## Task objective
For this exercise, write out every entry exactly and leave the pictures out.

## Given information

--------

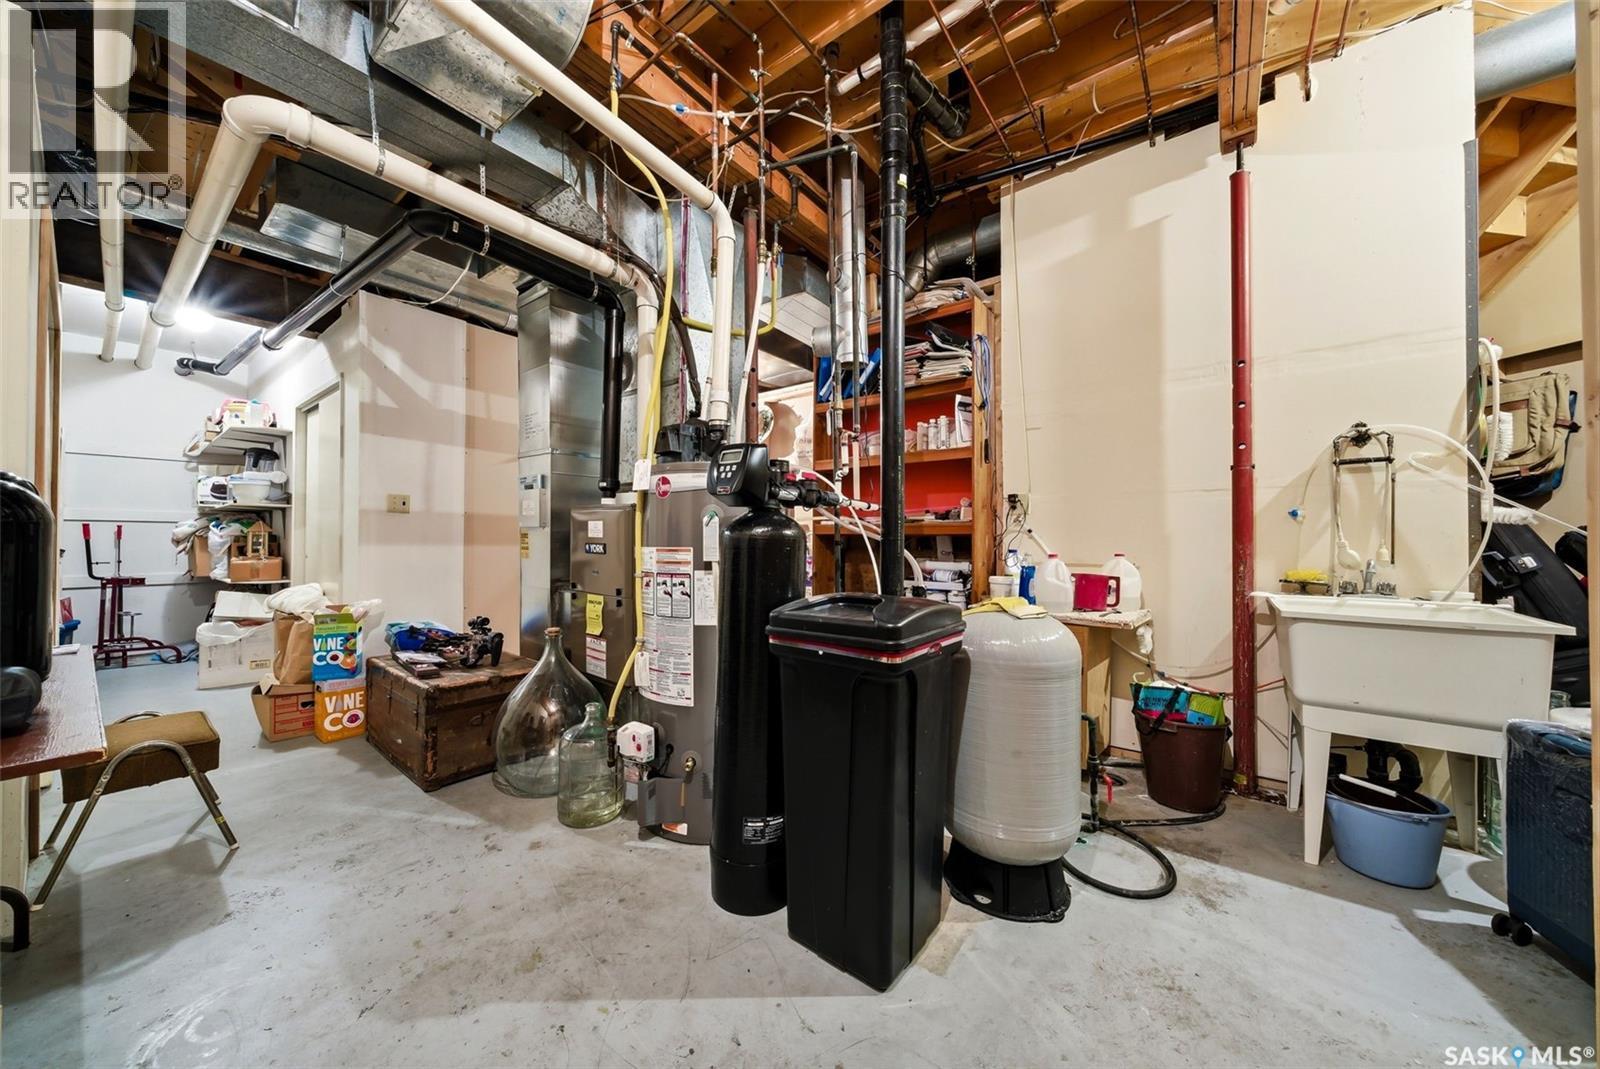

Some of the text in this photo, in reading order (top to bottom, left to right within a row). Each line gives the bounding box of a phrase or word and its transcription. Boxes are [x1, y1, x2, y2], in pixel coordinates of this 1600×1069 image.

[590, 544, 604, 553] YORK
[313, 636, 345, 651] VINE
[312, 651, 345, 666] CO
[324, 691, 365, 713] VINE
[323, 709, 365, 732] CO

--------

## Task output
Some of the text in this photo, in reading order (top to bottom, left to right within a row). Each line gives the bounding box of a phrase or word and its transcription. Boxes are [x1, y1, x2, y2], in pixel coordinates of this 1600×1069 image.

[590, 544, 604, 553] YORK
[313, 636, 345, 651] VINE
[312, 651, 345, 666] CO
[324, 691, 365, 713] VINE
[323, 709, 365, 732] CO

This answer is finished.